## [What you will do]
Without the images, write out the whole listing exactly.

## [Records provided]
§

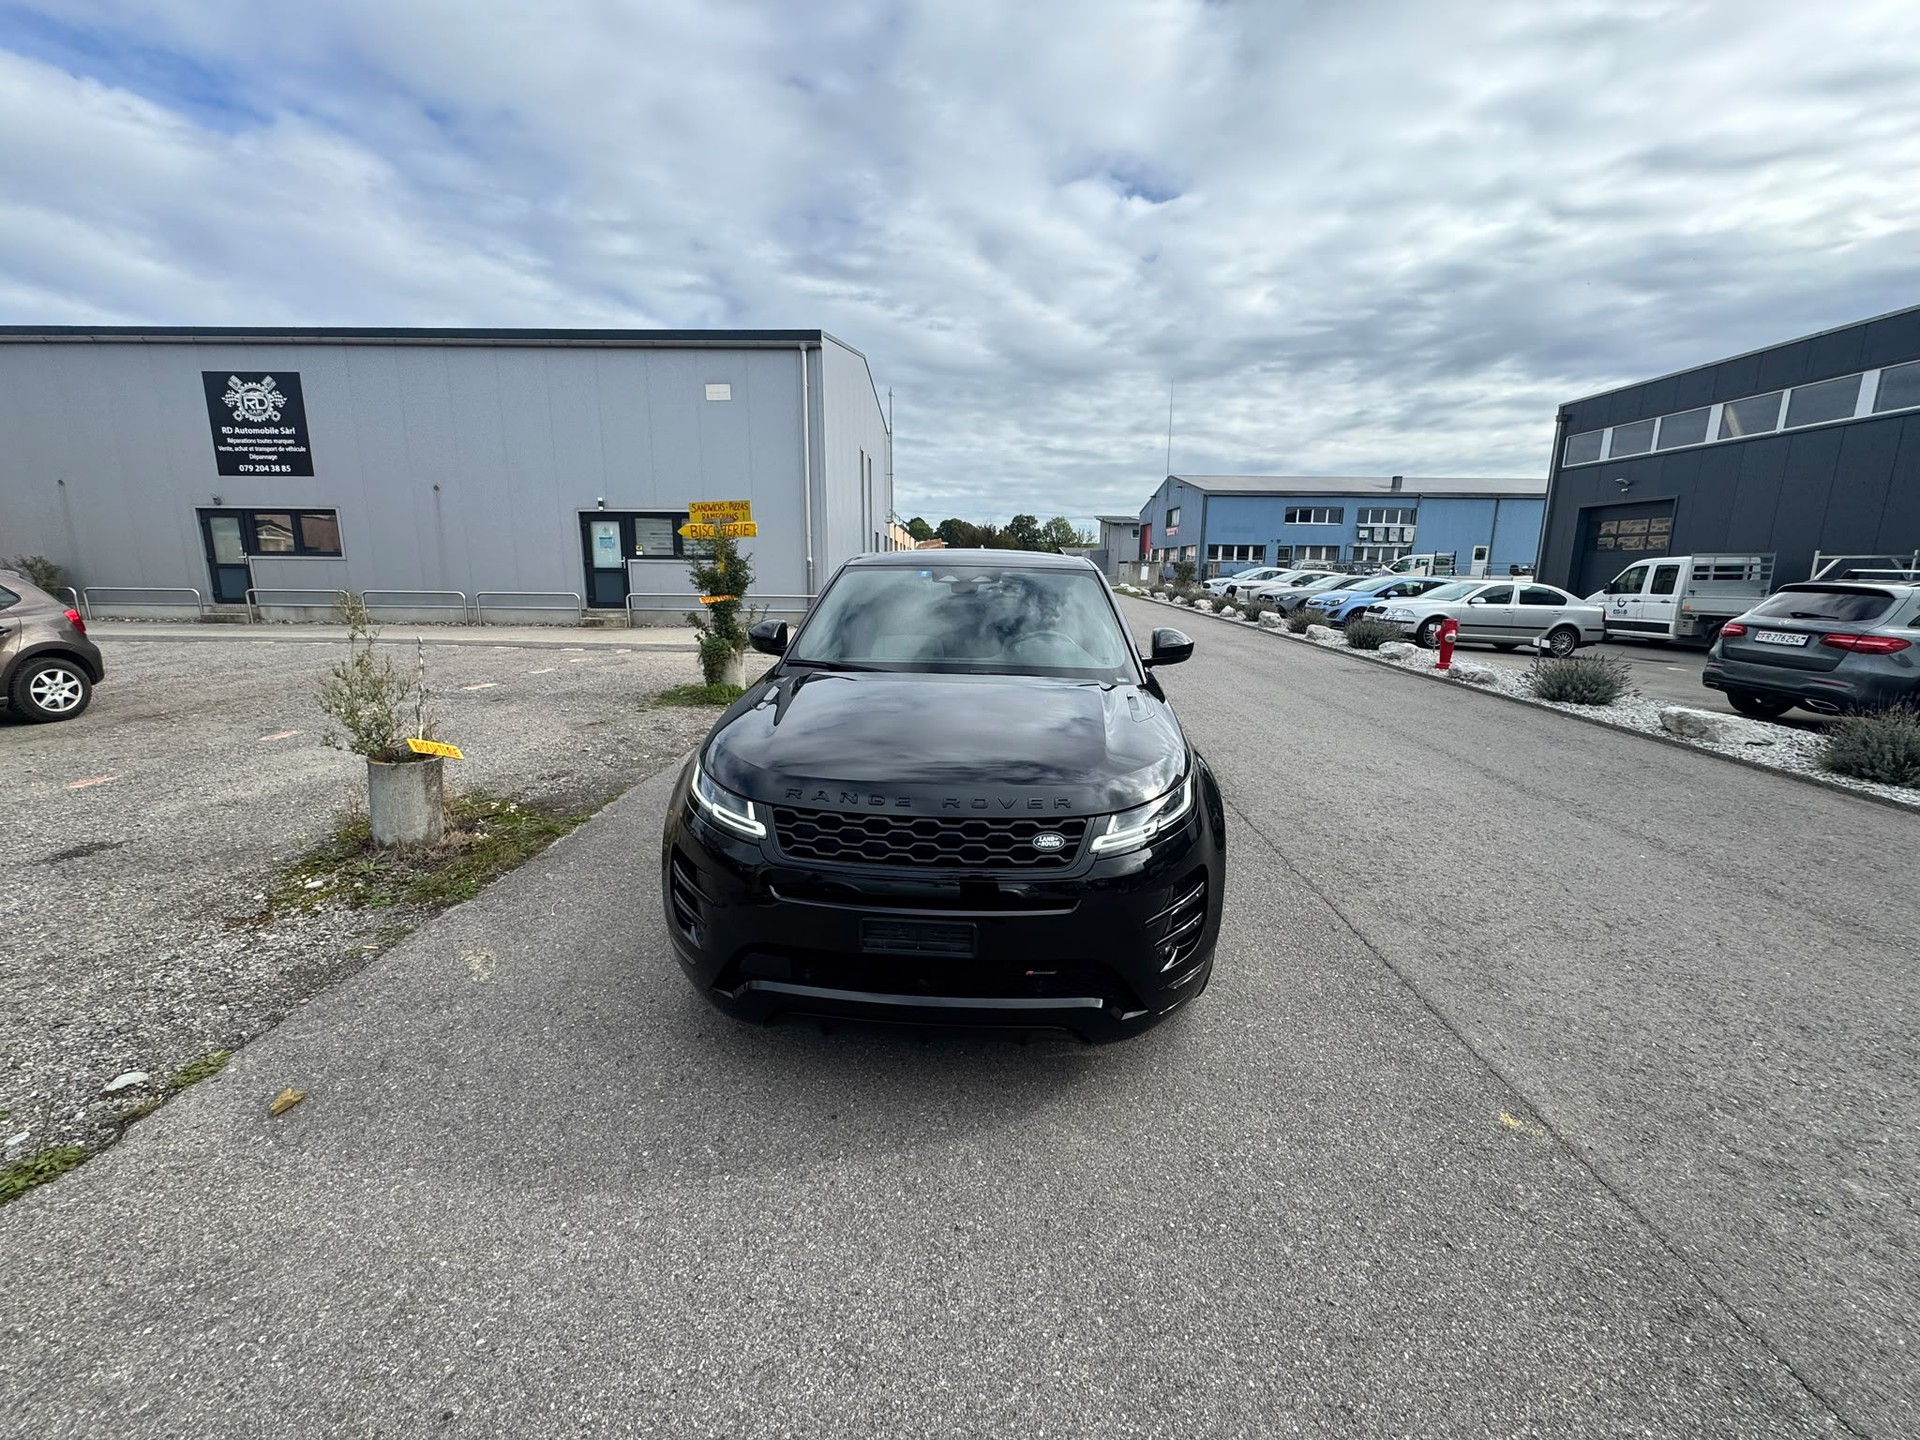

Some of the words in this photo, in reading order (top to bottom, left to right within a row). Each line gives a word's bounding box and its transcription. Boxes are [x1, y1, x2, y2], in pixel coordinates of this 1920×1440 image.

[238, 464, 254, 472] 079
[270, 464, 280, 472] 38
[281, 464, 291, 472] 85
[729, 502, 749, 511] PIZZAS
[690, 523, 751, 538] BISCTERIE
[785, 787, 912, 808] RANGE
[942, 796, 1072, 810] ROVER
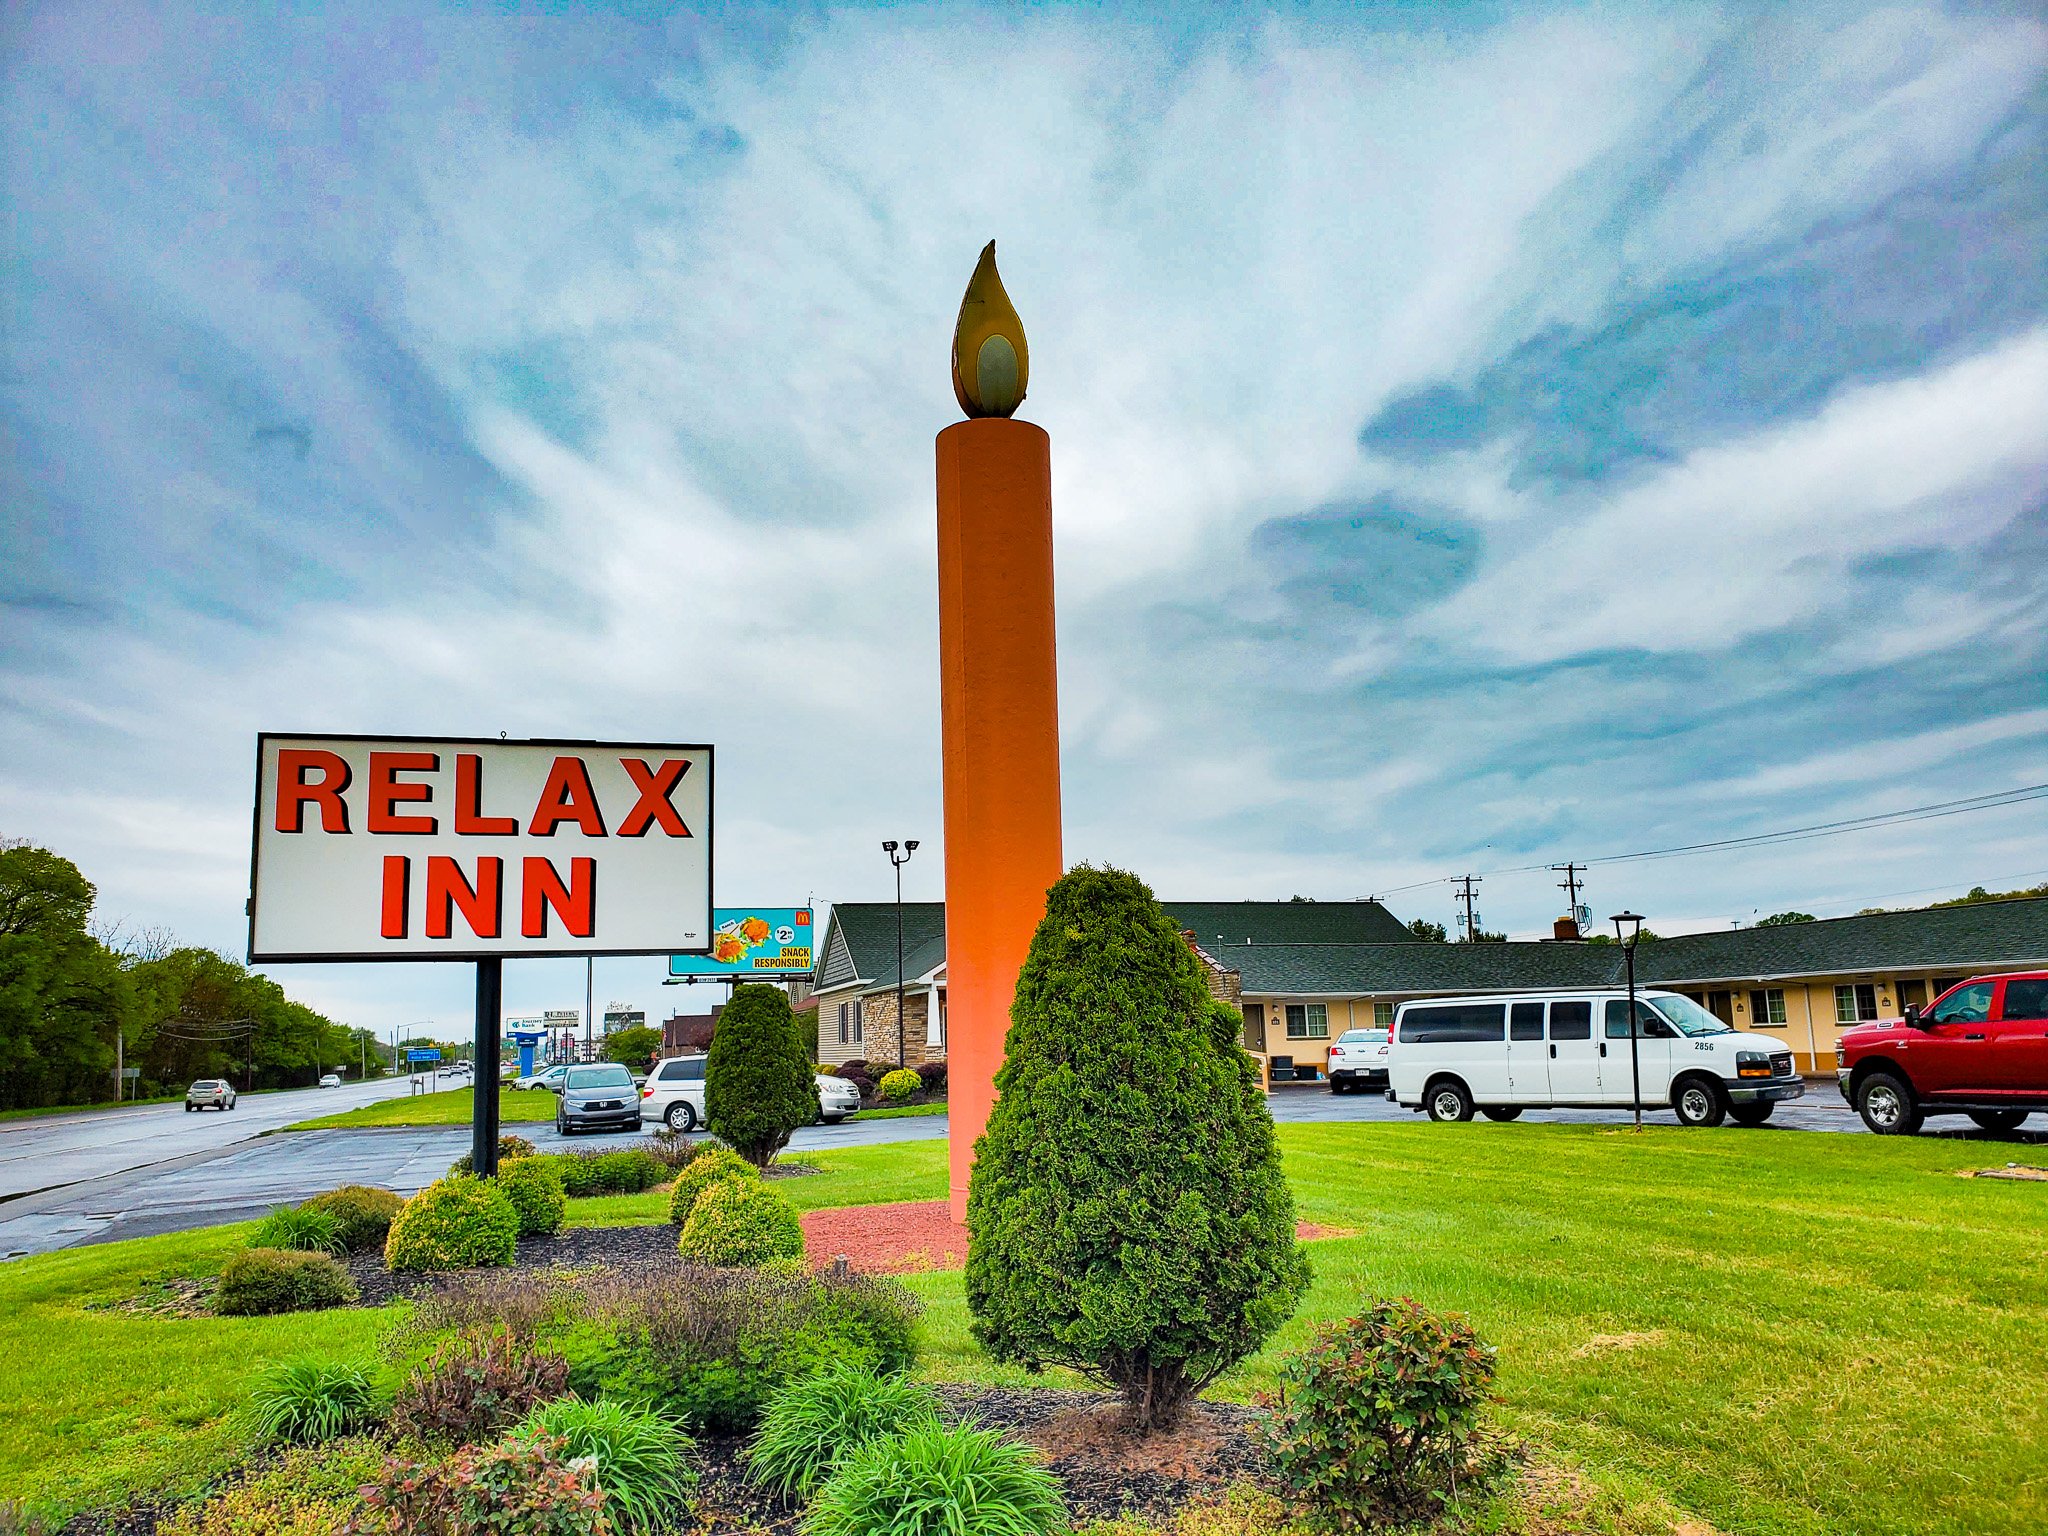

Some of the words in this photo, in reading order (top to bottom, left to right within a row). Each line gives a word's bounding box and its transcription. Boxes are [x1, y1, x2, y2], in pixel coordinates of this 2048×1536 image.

[275, 748, 694, 838] RELAX
[380, 855, 597, 939] INN
[781, 947, 809, 957] SNACK
[754, 958, 809, 968] RESPONSIBLY
[1695, 1041, 1714, 1051] 2856

§

## [Output below]
Some of the words in this photo, in reading order (top to bottom, left to right within a row). Each line gives a word's bounding box and its transcription. Boxes are [x1, y1, x2, y2], in pixel coordinates of this 1920×1440 image.

[238, 464, 254, 472] 079
[270, 464, 280, 472] 38
[281, 464, 291, 472] 85
[729, 502, 749, 511] PIZZAS
[690, 523, 751, 538] BISCTERIE
[785, 787, 912, 808] RANGE
[942, 796, 1072, 810] ROVER

Some of the words in this photo, in reading order (top to bottom, left to right within a row). Each line gives a word's bounding box and its transcription. Boxes are [x1, y1, x2, y2], in pixel coordinates of this 2048×1536 image.

[275, 748, 694, 838] RELAX
[380, 855, 597, 939] INN
[781, 947, 809, 957] SNACK
[754, 958, 809, 968] RESPONSIBLY
[1695, 1041, 1714, 1051] 2856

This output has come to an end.